His breathing was uneven. His movements a fraction slower than they should have been. Blood darkened the bandages beneath his armor.
The aberration recovered instantly.
The wounds he had inflicted began sealing even as he watched.
One elongated limb shot forward and slammed into his sword guard. The impact shuddered through his frame, forcing him to one knee.
The creature reared back, towering over him.
Ariel’s fingers twitched against the grass.
No.
She pushed herself up.
Her arms trembled violently, but she forced her weight onto her knees.
That’s right.
Her projectiles weren’t the only thing she had anymore.
The cracks along her skin pulsed faintly, thin veins of fractured gold creeping higher.
If light that was clean didn’t work—
Then maybe something less clean would.
Her fingers pressed into the earth.
Breathing slow.
Ignoring the pain.
There was still one thing she hadn’t tried.
She closed her eyes and focused on that feeling in her chest — that unstable warmth. She ignored the screaming in her limbs, the tremor in her ribs, the copper taste in her mouth.
She reached inward.
And pulled.
The sensation dragged through her veins like molten metal.
She forced it outward — down her shoulders, into her arms, into her legs.
Her body answered.
It seared.
Not like warmth.
Like burning from the inside out.
Her arms began to glow first. The light flickered unevenly beneath her skin, illuminating the cracks that spidered across it.
Then her feet.
The grass beneath her blackened faintly.
Just as the glow intensified—
A hand wrapped around hers.
Lightly.
Ariel’s breath caught. The light faltered, dimming as she glanced down.
Lilia.
Her eyes were rimmed red, jaw trembling despite how tightly she tried to hold it still.
“No,” Lilia whispered. “You can’t.”
Ariel hesitated
…Then shook her head once.
“I have to.”
“You don’t have to do anything!” Lilia snapped, her voice breaking at the edges. “I thought you’d stopped—stopped acting like this.”
“Stopped acting like you owe us something"
Ariel didn’t answer.
“Please…” Lilia’s grip tightened just slightly. “Listen to me.”
Ariel couldn’t…
She pulled her hand free without looking at her.

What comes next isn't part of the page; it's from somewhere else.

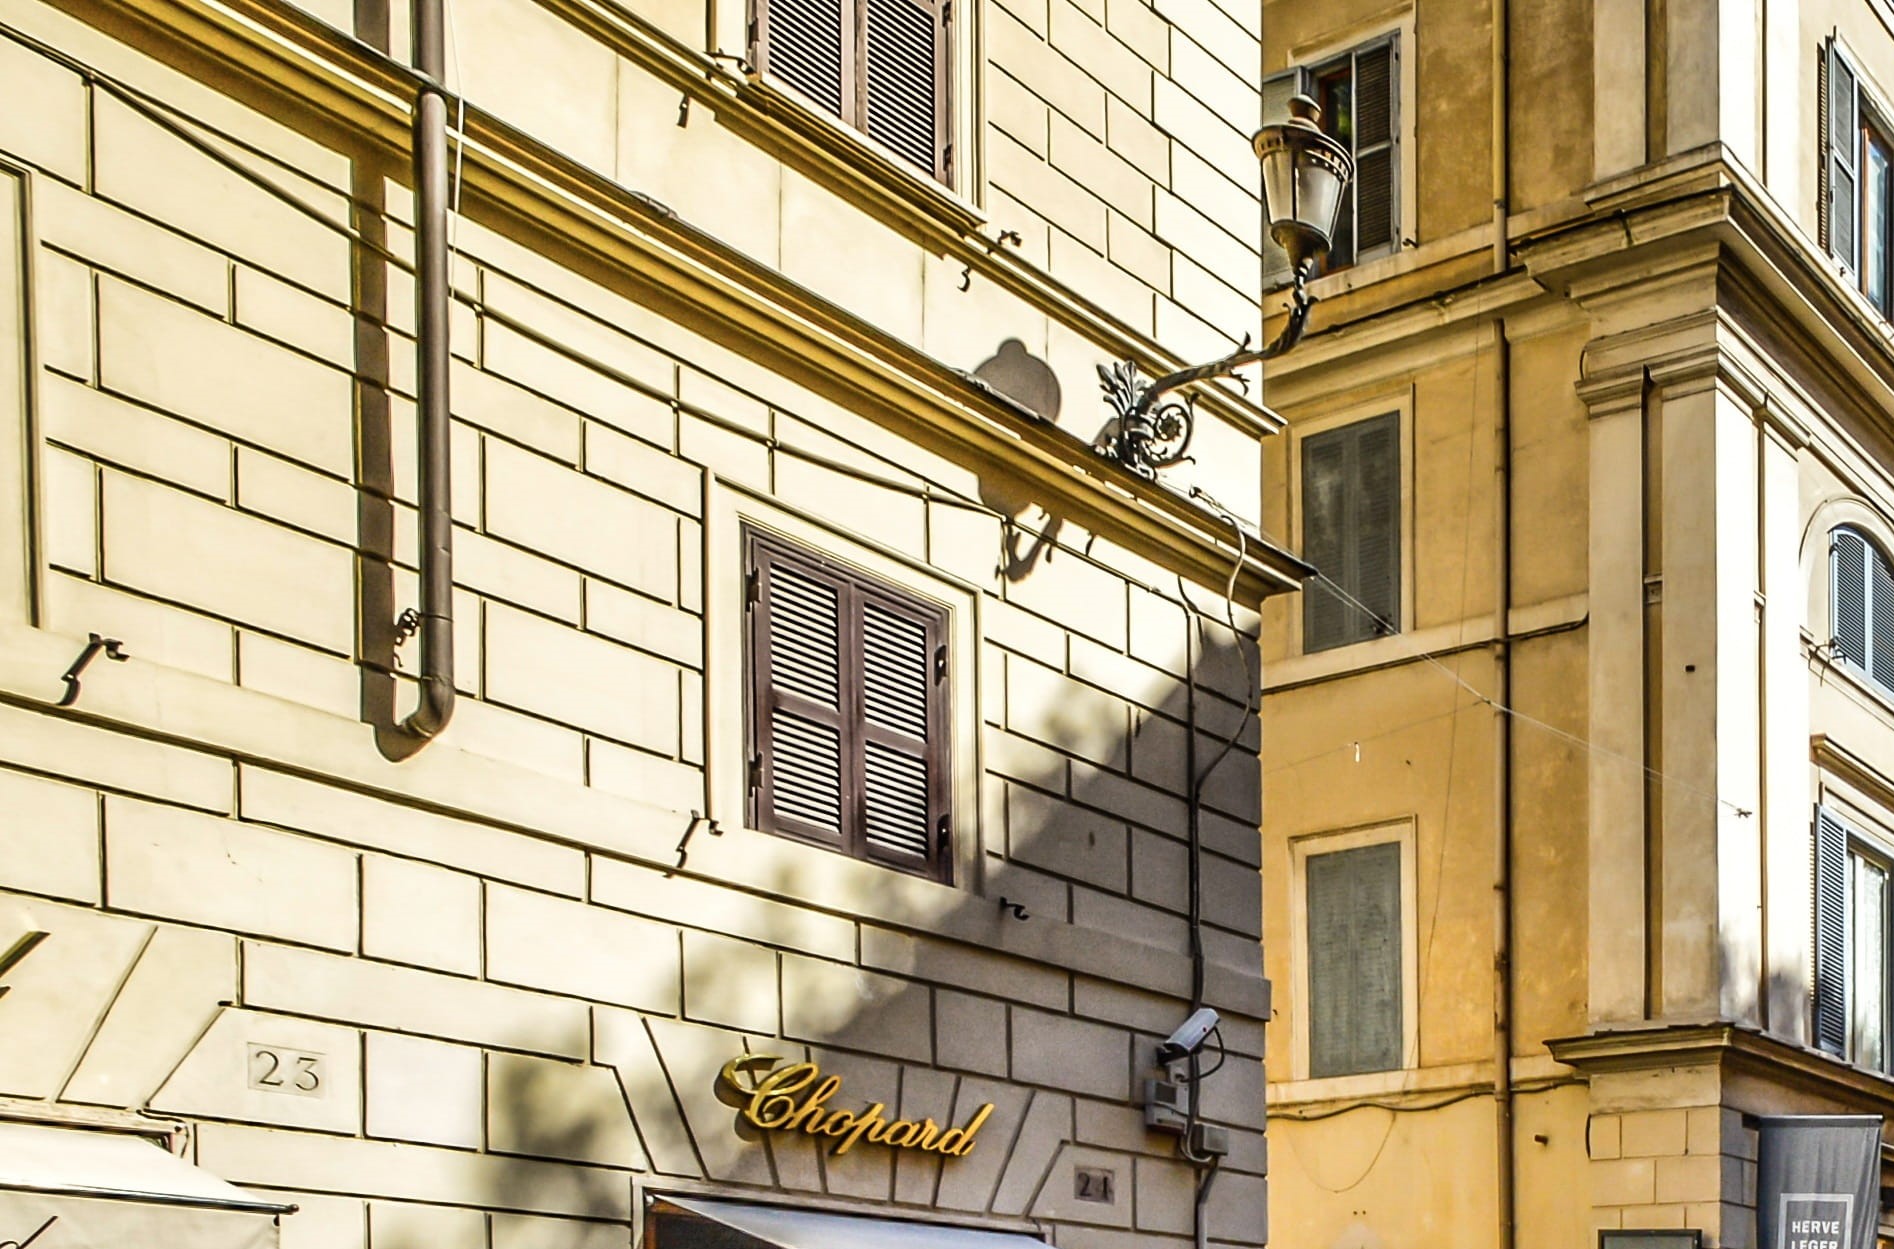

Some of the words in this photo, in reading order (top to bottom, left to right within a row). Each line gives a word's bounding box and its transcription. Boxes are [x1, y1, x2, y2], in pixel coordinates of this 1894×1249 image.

The moment contact broke, the glow roared back to life.
The same pain surged through her — worse now, unrestrained. Her vision whitened at the edges as the burning overtook her nerves.
But she didn’t stop.
She stepped forward.
Then ran.
As her feet touched the grass, it ignited.
Blades blackened.
Curled.
Collapsed into ash the instant her weight brushed them.
Step.
Ash.
Step.
Ash.
Again and again, a trail of smoldering ruin carved itself behind her.
The glow consuming her body intensified — it burned violent and gold, flames licking along her arms, pouring from the cracks in her skin like light breaking through shattered porcelain.
Ahead, Ryn was still engaged, blade flashing, boots sliding through torn earth as he barely held the aberration’s attention.
Then the creature felt it.
Its massive frame paused mid-strike.
Slowly—
It turned.
Eight eyes fixed on the golden figure charging toward it.
It screeched — not in rage this time.
Ariel leapt.
The ground detonated beneath her feet as she launched forward, heat spiraling in her wake. The glow condensed around her fist
It looked like a star dragged down into her hand.
Flames roared around her arm, spiraling upward, the air warping from the sheer intensity.
For a heartbeat, she hung above it.
Then she drove her fist straight into the creature’s head.
***
Lilia stood frozen in the distance, her arm still outstretched where Ariel had pulled away from her. Fingers curled around empty air.
This feeling—
It was far too familiar.
Painfully so.
Ryn clashed with the aberration, steel ringing against chitin and bone, each movement heavier than the last.
And Ariel—
Ariel ran past him.
She leapt.
Golden.
Blinding.
For a moment, she was suspended high above the battlefield, a streak of burning light tearing through the dark, brighter than she had ever been — brighter than she should have been.
Then she fell.
The impact swallowed the sound from the world.
Light erupted outward in a violent ring, devouring grass, cracking earth, forcing Ryn back on instinct as heat tore across the clearing.
The aberration screeched—
Or maybe that was the ground breaking.
Lilia couldn’t tell.
The rest felt like a blur.
What came next was worse.
The dust hadn’t even settled when Lilia forced herself upright, coughing through smoke and ash. The shockwave had thrown her back; her ears still rang.
The ground was still trembling.
Something in the smoke was breathing.
Heavy. Wet. Uneven.
And then—
A twitch.
No.
The aberration was still alive.
Her heart dropped.
Lilia ran forward, boots tearing through scorched grass, the ground brittle beneath her steps.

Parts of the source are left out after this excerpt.